Present the advice in a clear, actionable format:

```
================================================================================
🤖 Health Advice for [Date]
================================================================================

📊 TODAY'S SUMMARY:
- Sleep: X hrs (Deep: Y, REM: Z, Score: A/100)
- HRV: X ms (Status: BALANCED/UNBALANCED)
- Stress: Avg X/100
- Body Battery: +X/-Y
- Activities: [list with duration and avg HR]
- User Context: [parsed from input]

📈 LONG-TERM TRENDS (2-Year Baseline):
- Resting HR: [yearly trend, recent 30-day status]
- HRV: [yearly trend, recovery status %]
- Sleep Quality: [average duration, deep/REM ratios]
- Stress Levels: [average, high-stress day %]
- Activity: [daily steps average, active day %]

================================================================================
🌙 SLEEP OPTIMIZATION
================================================================================
[Specific advice based on data and protocols]

================================================================================
🍽️ TOMORROW'S DIET STRATEGY
================================================================================
[Fasting decision tree result and supplement timing]

================================================================================
🏃 EXERCISE RECOMMENDATIONS
================================================================================
[Training type, intensity, injury protocols]

================================================================================
⚠️ IMPORTANT ALERTS
================================================================================
[Risk warnings if applicable]

================================================================================
```

## Important Rules

1. **Be specific**: Don't give generic advice.

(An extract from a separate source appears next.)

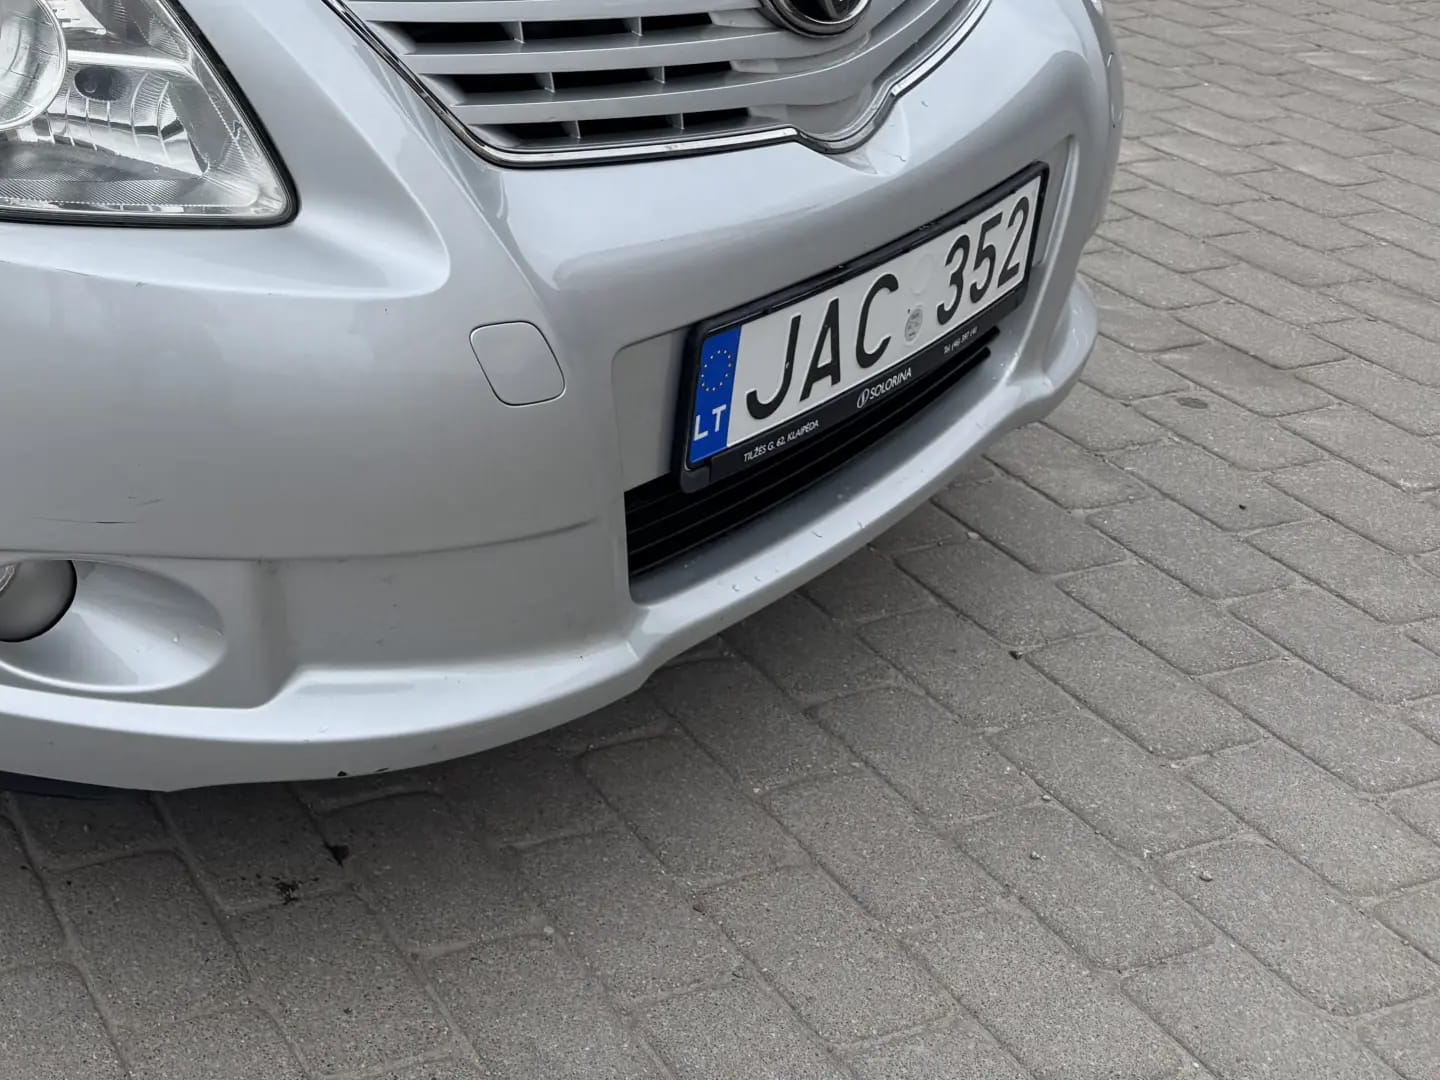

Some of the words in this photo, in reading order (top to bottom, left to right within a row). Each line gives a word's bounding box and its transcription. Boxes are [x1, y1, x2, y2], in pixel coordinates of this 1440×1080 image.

[746, 273, 899, 420] JAC
[936, 196, 1030, 325] 352
[870, 367, 912, 399] SOLORINA
[694, 404, 727, 441] LT

Use the actual numbers from today's data AND compare with long-term baselines.
2. **Context-aware**: If today's metrics deviate from the 2-year trend (e.g., RHR elevated vs baseline), investigate why and adjust advice.
3. **Follow protocols**: Strictly adhere to health.md rules (e.g., no Berberine with alcohol).
4. **Risk-aware**: Prioritize injury prevention and metabolic safety.
5. **Decision tree**: Clearly explain WHY each recommendation is made based on the logic in health.md AND trend data.
6. **Actionable**: Each recommendation should be something the user can immediately act on.

## Example Usage

**With manual logs already recorded:**
```
/health-advice
```

**With additional context:**
```
/health-advice planning to do heavy bench press tomorrow, should I?
```

**If you haven't logged manually yet, you can provide context as arguments:**
```
/health-advice ate PSMF lunch (protein powder + egg), dinner (tuna salad). No alcohol. Took fish oil and B complex. Feeling slight chest tightness.
```

**Note:** It's recommended to use the dedicated logging commands first:
- `/log-diet` for meals
- `/log-alcohol` for drinks
- `/log-supplement` for supplements
- `/log-feeling` for body symptoms

Then run `/health-advice` to get comprehensive analysis.